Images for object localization
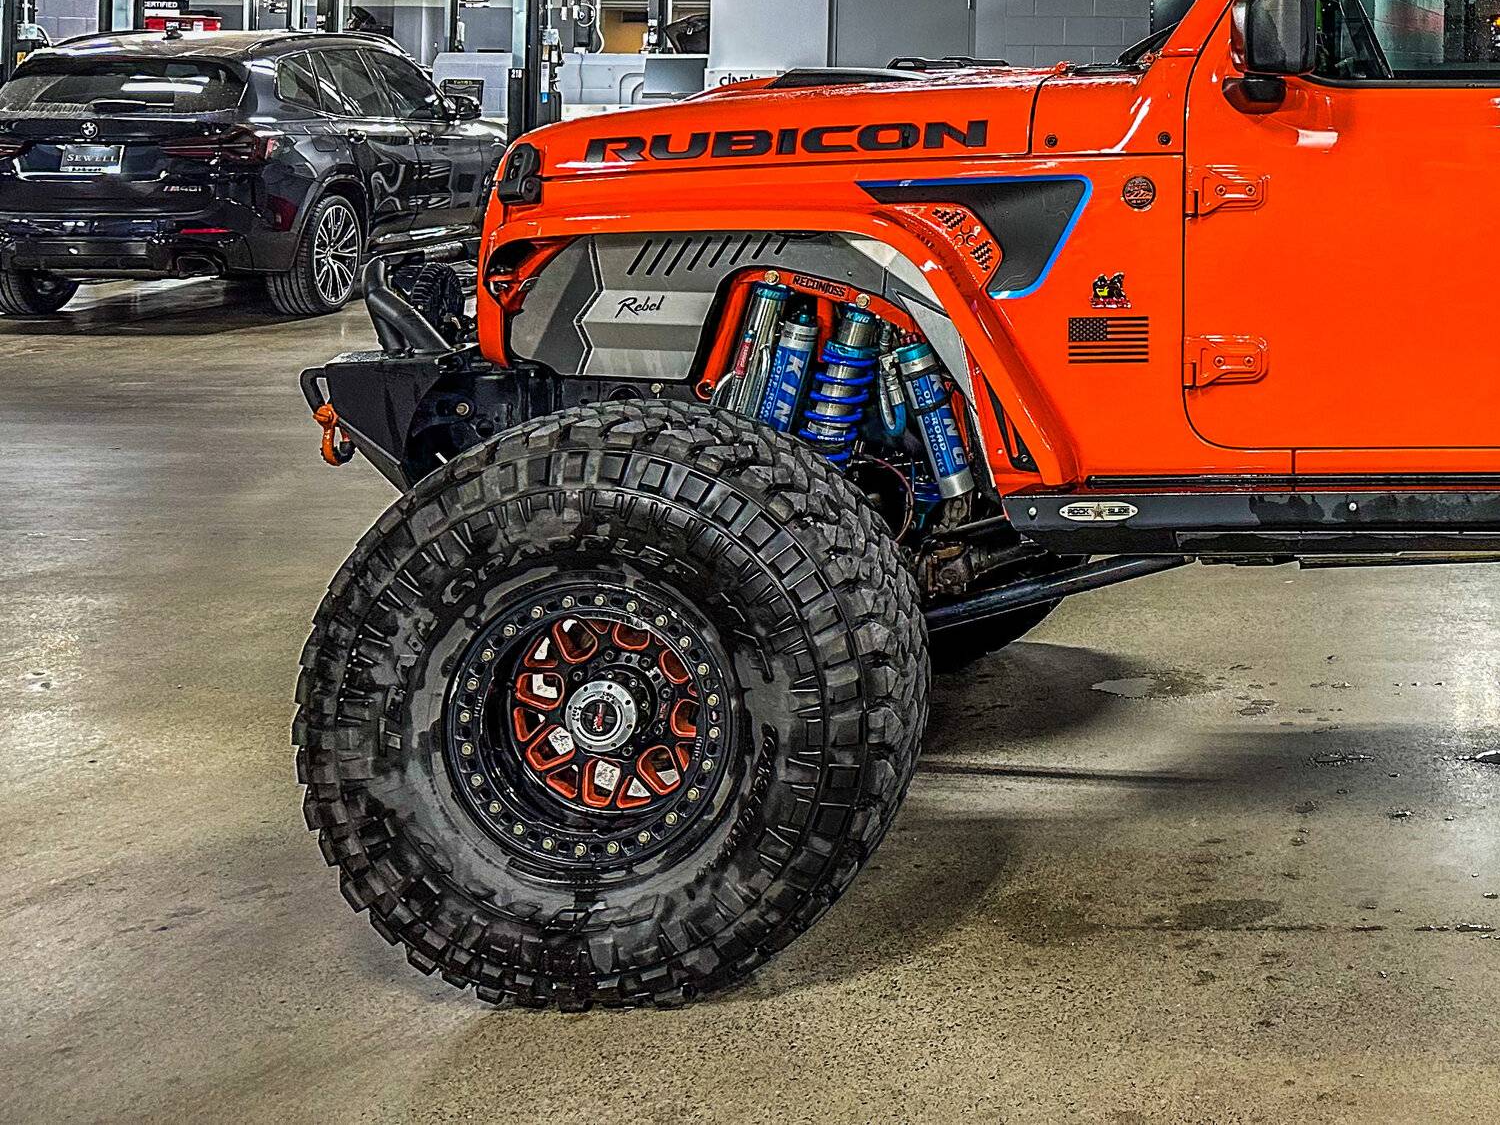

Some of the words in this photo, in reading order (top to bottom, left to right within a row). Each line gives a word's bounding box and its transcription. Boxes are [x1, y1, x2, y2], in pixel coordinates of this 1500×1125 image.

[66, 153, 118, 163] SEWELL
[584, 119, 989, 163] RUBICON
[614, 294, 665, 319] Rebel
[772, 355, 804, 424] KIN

- INSTRUCTIONS TO FOLLOW:
Could you write out the records again exactly, without any of their pictures?

- SOLUTION FOR THIS EXERCISE:
Some of the words in this photo, in reading order (top to bottom, left to right within a row). Each line gives a word's bounding box and its transcription. Boxes are [x1, y1, x2, y2], in pixel coordinates of this 1500×1125 image.

[66, 153, 118, 163] SEWELL
[584, 119, 989, 163] RUBICON
[614, 294, 665, 319] Rebel
[772, 355, 804, 424] KIN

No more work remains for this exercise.